Aim of the exercise: Omit every picture while repeating the entries exactly.

Source material:

####################

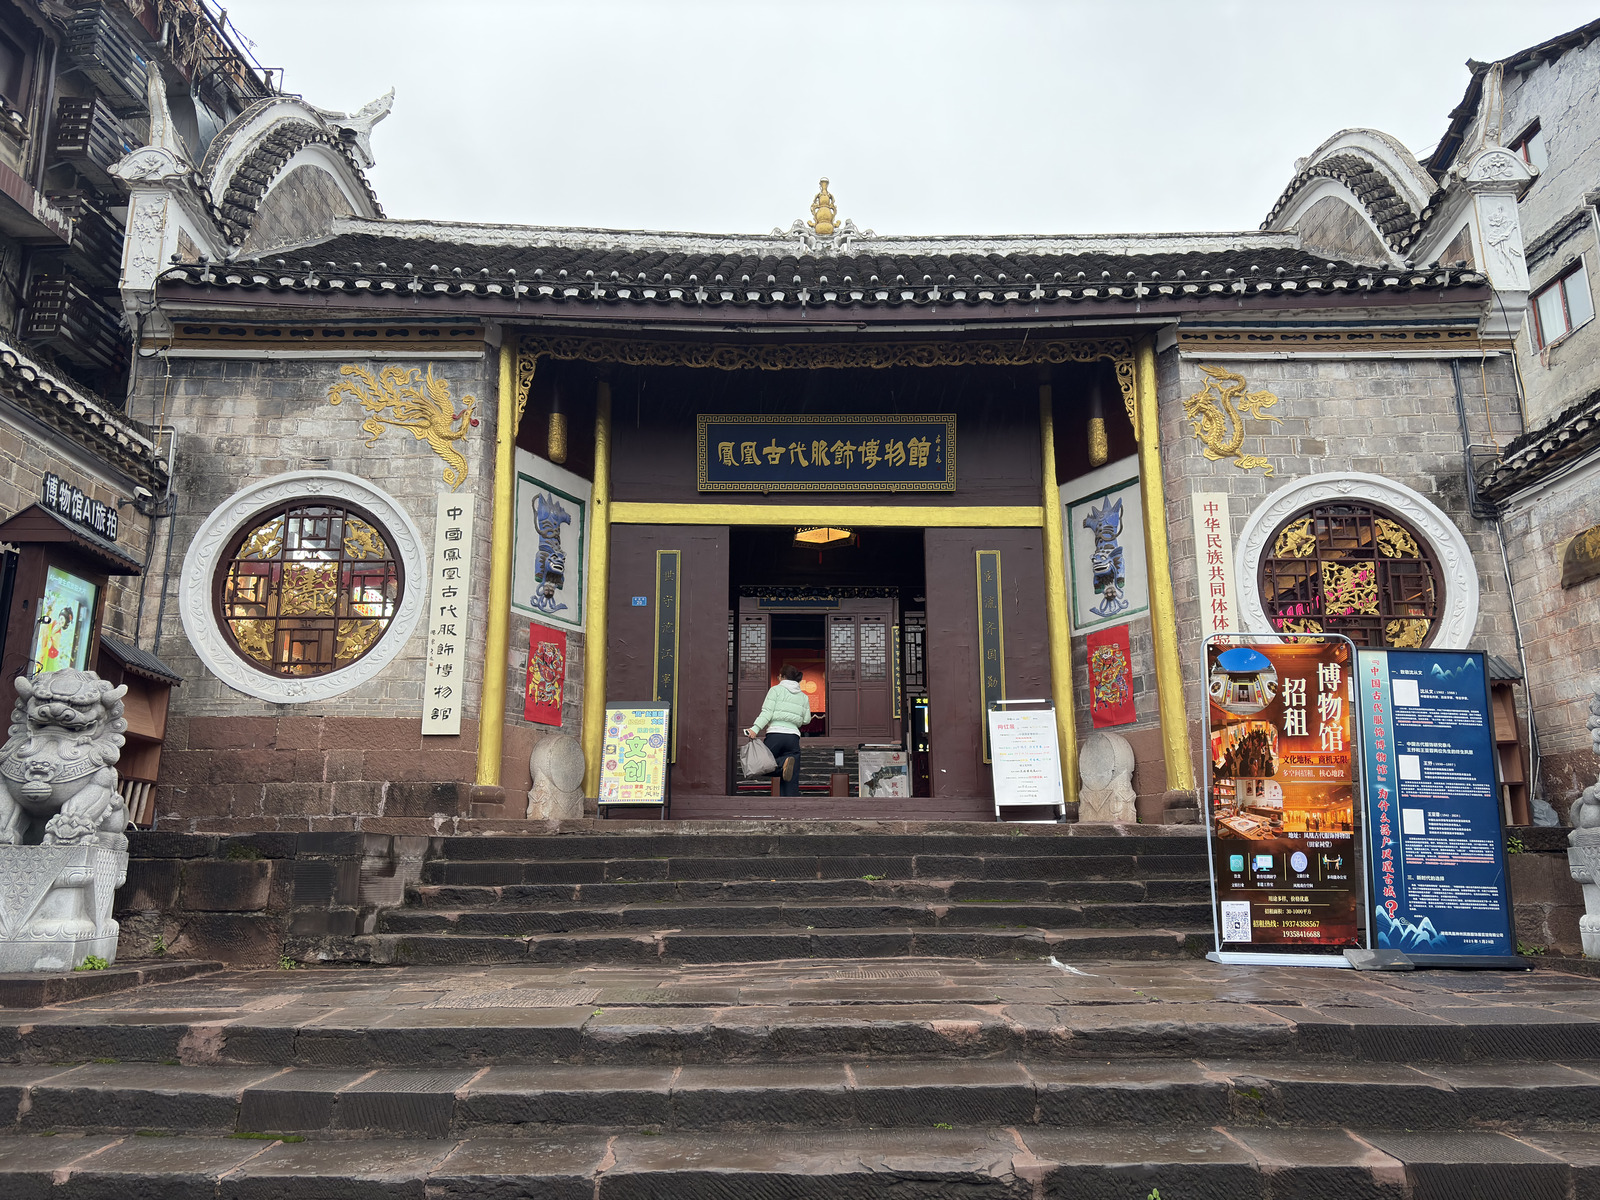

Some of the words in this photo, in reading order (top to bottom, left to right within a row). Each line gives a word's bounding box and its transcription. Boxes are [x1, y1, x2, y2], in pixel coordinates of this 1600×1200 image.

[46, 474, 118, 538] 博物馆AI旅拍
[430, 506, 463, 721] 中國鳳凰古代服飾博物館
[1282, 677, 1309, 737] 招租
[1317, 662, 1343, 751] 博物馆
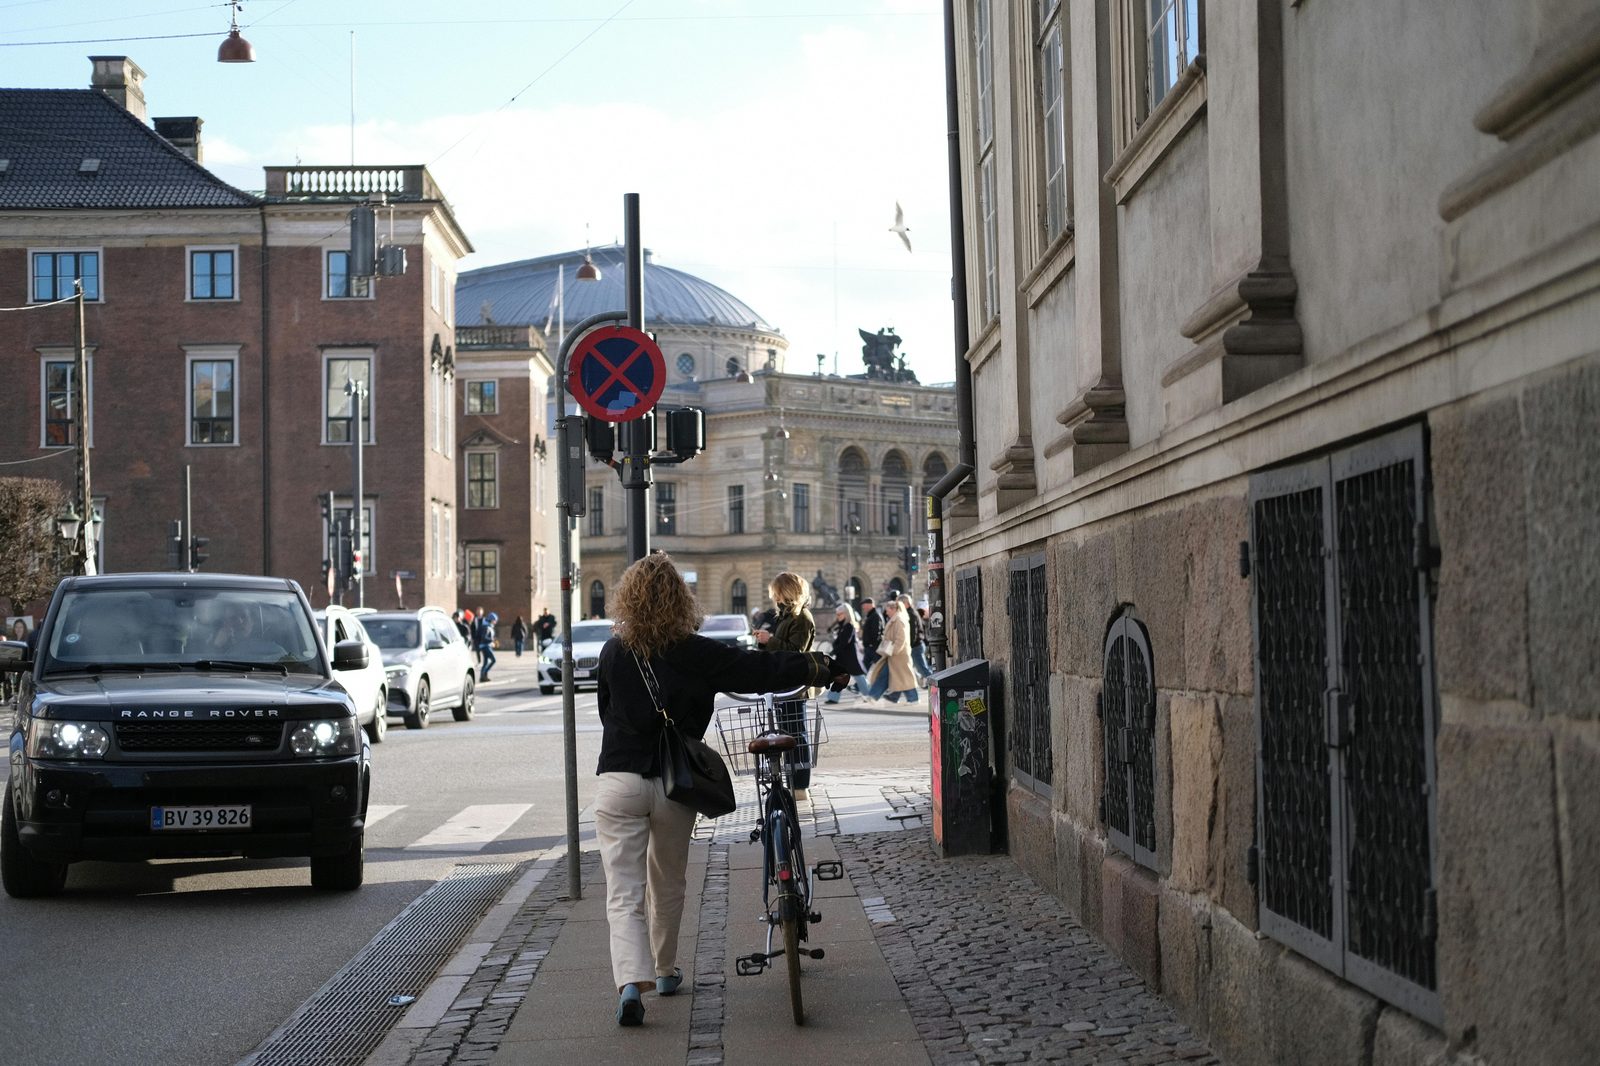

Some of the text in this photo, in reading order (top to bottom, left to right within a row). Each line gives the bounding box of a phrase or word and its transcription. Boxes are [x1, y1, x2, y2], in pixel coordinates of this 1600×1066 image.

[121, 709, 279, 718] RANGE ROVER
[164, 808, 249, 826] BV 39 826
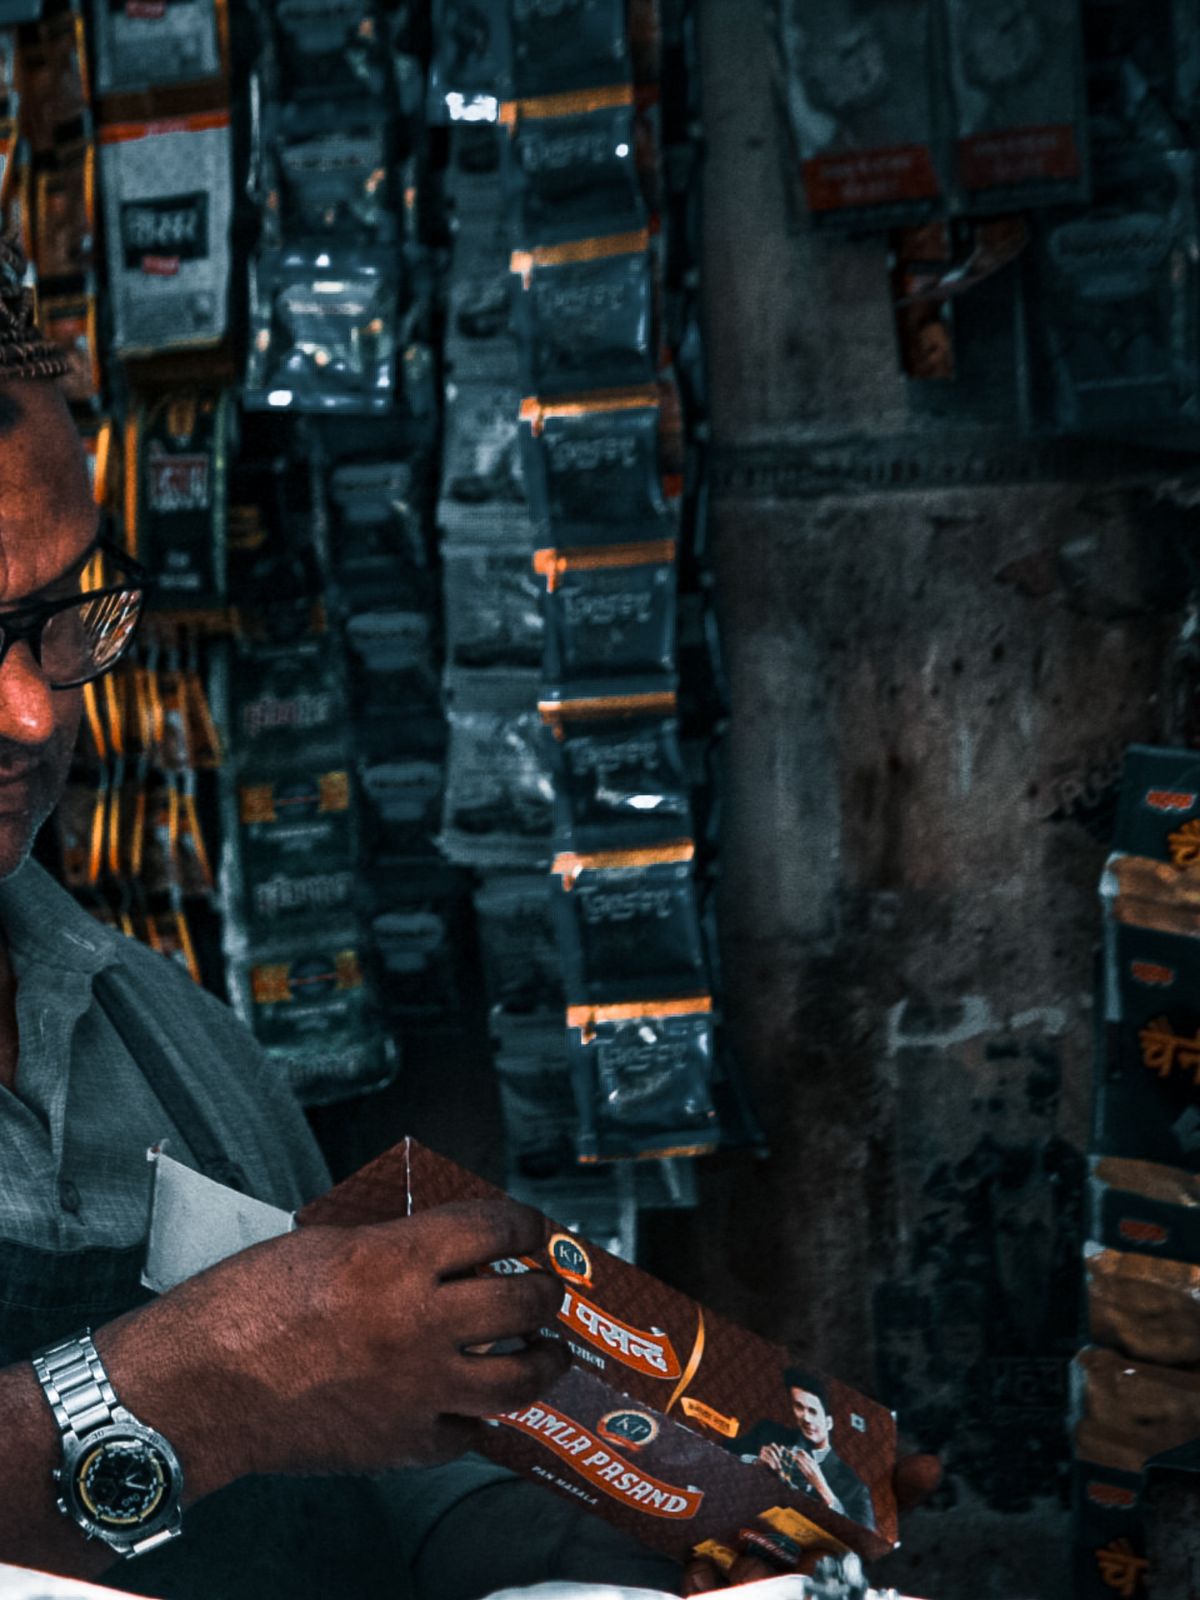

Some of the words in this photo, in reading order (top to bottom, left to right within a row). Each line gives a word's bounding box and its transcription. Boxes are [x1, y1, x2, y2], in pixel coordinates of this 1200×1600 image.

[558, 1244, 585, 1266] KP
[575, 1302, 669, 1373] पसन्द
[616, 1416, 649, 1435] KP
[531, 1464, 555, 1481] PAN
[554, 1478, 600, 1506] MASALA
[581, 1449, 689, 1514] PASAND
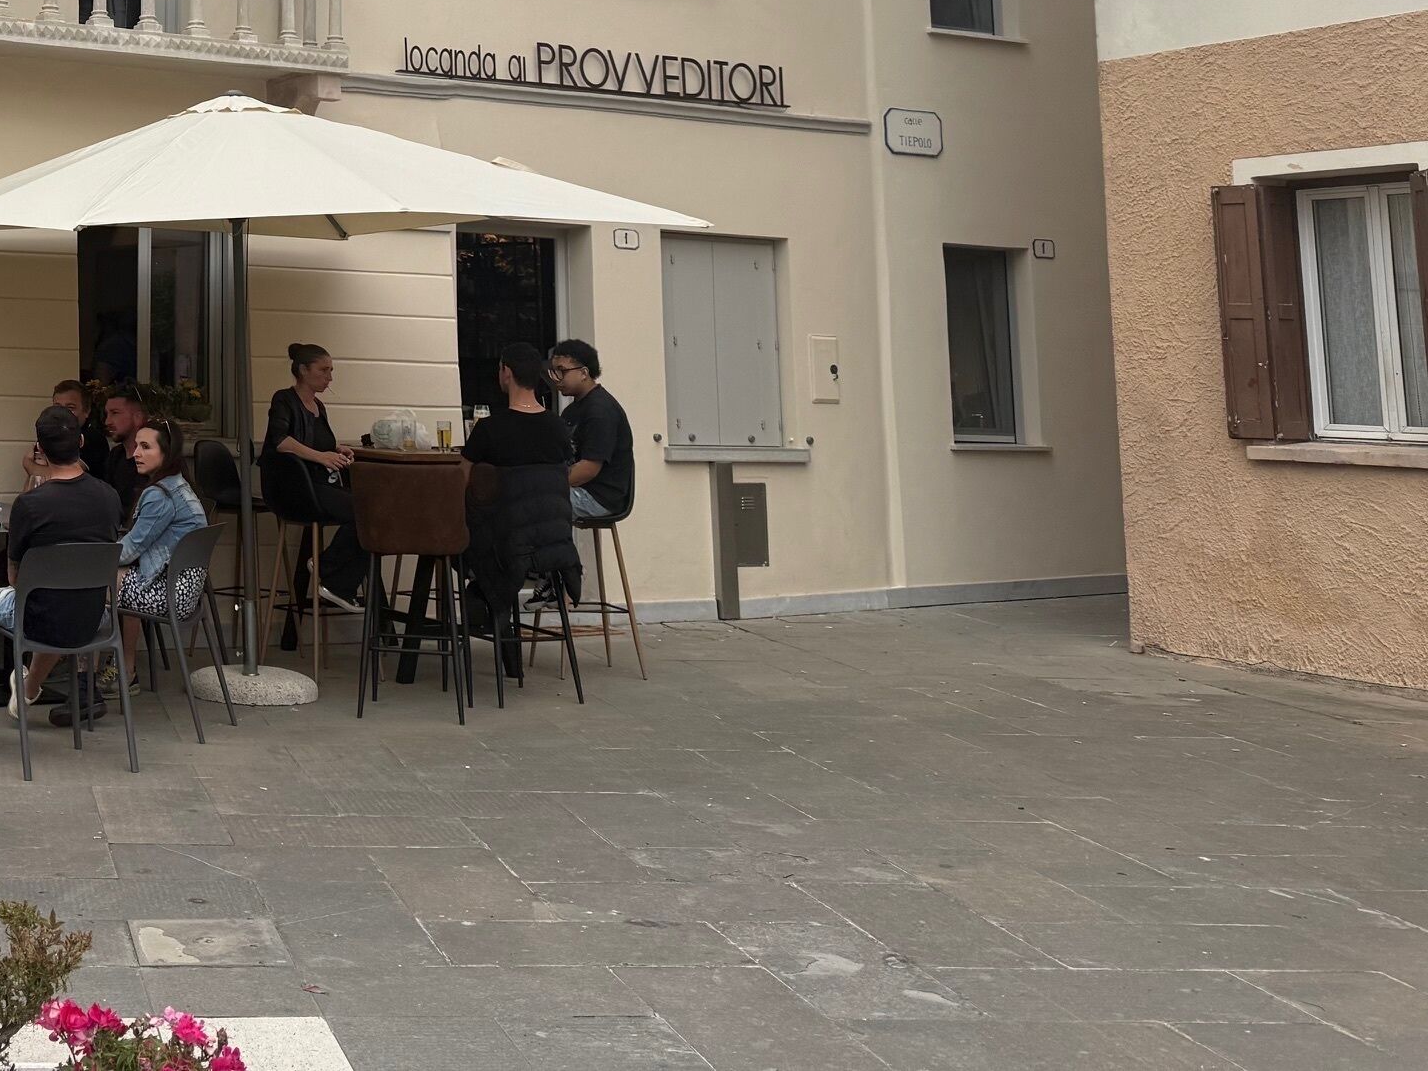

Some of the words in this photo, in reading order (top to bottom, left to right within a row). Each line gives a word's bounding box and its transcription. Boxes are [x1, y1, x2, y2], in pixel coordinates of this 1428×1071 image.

####################

Answer box:
Some of the words in this photo, in reading order (top to bottom, left to right within a row). Each line gives a word's bounding box and its transcription. Boxes are [x1, y1, x2, y2], in pixel coordinates of this 1600×1200 image.

[46, 474, 118, 538] 博物馆AI旅拍
[430, 506, 463, 721] 中國鳳凰古代服飾博物館
[1282, 677, 1309, 737] 招租
[1317, 662, 1343, 751] 博物馆

Some of the text in this photo, in reading order (top to bottom, left to right within a row). Each line gives the bounding box of a phrase or word and its transcription. Boxes are [x1, y1, x2, y2], in pixel coordinates of this 1600×1066 image.

[121, 709, 279, 718] RANGE ROVER
[164, 808, 249, 826] BV 39 826

Some of the words in this photo, in reading order (top to bottom, left to right within a row). Each line gives a word's bounding box and its transcription. Boxes are [x1, y1, x2, y2], in pixel coordinates of this 1200×1600 image.

[558, 1244, 585, 1266] KP
[575, 1302, 669, 1373] पसन्द
[616, 1416, 649, 1435] KP
[531, 1464, 555, 1481] PAN
[554, 1478, 600, 1506] MASALA
[581, 1449, 689, 1514] PASAND

Some of the words in this photo, in reading order (top to bottom, left to right within a row). Each line gives a word's bounding box and its transcription. Boxes are [x1, y1, x2, y2], in pixel coordinates of this 1428×1071 image.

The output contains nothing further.